Negara melalui penegak hukum dan yang terkait punya peran penting agar rakyat tak terjerumus dalam perjudian.(IDN Times/Foto : Dok. Cokie Sutrisno)
Berjudi termasuk ke dalam cara memperoleh harta haram. Sementara itu harta haram hanya akan mengantarkan pelakunya pada ancaman Allah subhanahu wa ta'ala. Nabi shallallahu 'alaihi wa sallam bersabda kepada Ka'ab bin Ujrah RA :
"Wahai Kaab bin Ujrah, sungguh daging badan yang tumbuh berkembang dari sesuatu yang haram berhak dibakar dalam api neraka." (HR at-Tirmidzi).

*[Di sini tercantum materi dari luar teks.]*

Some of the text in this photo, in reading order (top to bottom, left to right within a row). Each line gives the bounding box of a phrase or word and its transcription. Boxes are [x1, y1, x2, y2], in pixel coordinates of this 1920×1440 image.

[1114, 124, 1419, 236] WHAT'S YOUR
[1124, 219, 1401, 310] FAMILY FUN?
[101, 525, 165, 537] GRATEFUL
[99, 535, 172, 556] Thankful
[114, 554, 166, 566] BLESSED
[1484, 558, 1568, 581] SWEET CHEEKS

Keharaman judi dan sanksinya berlaku bagi semua warga negara, baik Muslim maupun non-Muslim. Negara tidak boleh mengizinkan atau melokalisasi perjudian, termasuk memberikan izin khusus kepada non-Muslim, karena itu sama saja dengan menghalalkan praktik perjudian.
Bahkan memungut pajak dari perjudian dianggap haram, sebagaimana yang disabdakan oleh Nabi Muhammad SAW. "Akan datang suatu zaman saat manusia tidak lagi peduli dari mana mereka mendapatkan harta, apakah dari usaha yang halal atau yang haram."

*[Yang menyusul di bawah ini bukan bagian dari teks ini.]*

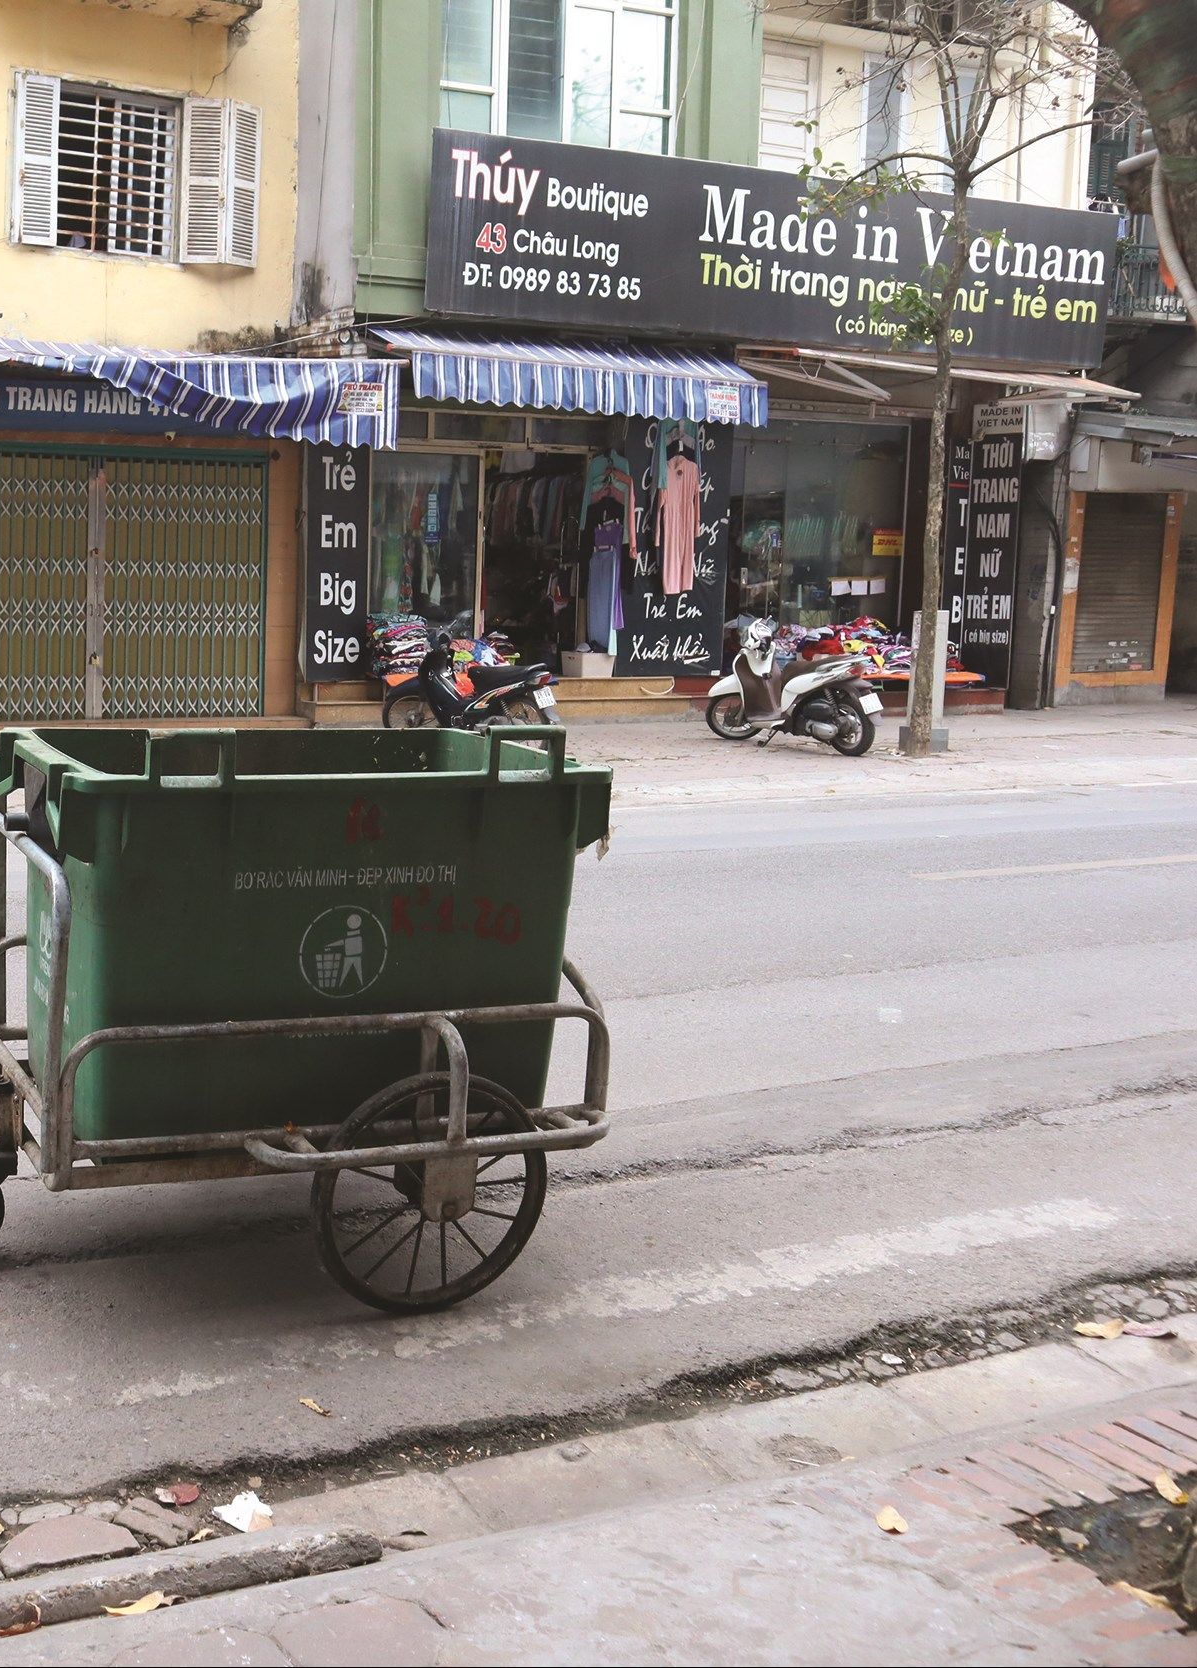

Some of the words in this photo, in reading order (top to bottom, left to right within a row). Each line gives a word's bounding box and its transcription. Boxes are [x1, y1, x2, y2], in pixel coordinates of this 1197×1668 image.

[451, 148, 541, 216] Thúy
[547, 177, 649, 221] Boutique
[476, 222, 507, 254] 43
[513, 229, 568, 257] Châu
[573, 235, 620, 267] Long
[699, 184, 837, 257] Made
[852, 205, 899, 264] in
[916, 206, 1105, 285] Vetnam
[462, 262, 493, 288] ĐT:
[499, 266, 551, 292] 0989
[556, 270, 581, 295] 83
[587, 273, 611, 298] 73
[617, 276, 641, 301] 85
[700, 253, 763, 290] Thời
[770, 261, 850, 308] trang
[1013, 284, 1048, 320] trẻ
[1055, 298, 1097, 323] em
[6, 387, 76, 413] TRANG
[980, 407, 1009, 416] MADE
[1011, 406, 1021, 415] IN
[977, 419, 999, 428] VIET
[1001, 418, 1023, 426] NAM
[983, 437, 1014, 468] THỜI
[322, 451, 356, 491] Trẻ
[973, 477, 1019, 504] TRANG
[321, 514, 357, 548] Em
[976, 513, 1011, 538] NAM
[979, 548, 1002, 578] NỮ
[320, 573, 356, 615] Big
[676, 593, 703, 620] Em
[966, 586, 989, 619] TRẺ
[991, 594, 1012, 620] EM
[313, 629, 360, 664] Size
[979, 629, 991, 645] big
[287, 866, 313, 887] VĂN
[315, 868, 347, 887] MINH
[356, 867, 383, 889] ĐẸP
[384, 866, 414, 884] XINH
[438, 864, 457, 886] THỊ

Larangan berjudi dalam Islam bukan sekadar himbauan moral, tetapi juga diatur dengan sanksi pidana yang ditetapkan oleh Allah subhanahu wa ta'ala. Menurut Syaikh Abdurrahman Al-Maliki, pelaku kejahatan perjudian layak dihukum dengan ta'ziir yang bisa mencakup hukuman cambuk, penjara, bahkan hukuman mati, sesuai dengan tingkat kejahatan yang dilakukan.
Hukum yang tegas ini menunjukkan bahwa syariah Islam melindungi rakyat dan menjaga keharmonisan sosial dengan mendorong mencari nafkah yang halal serta menghindari perjudian.
Negara juga memiliki peran penting dalam menjamin kesejahteraan rakyat melalui layanan pendidikan, lapangan kerja, dan kesehatan yang memadai. Dengan perlindungan hidup yang komprehensif ,peluang terjerumus ke dalam perjudian dapat diminimalkan.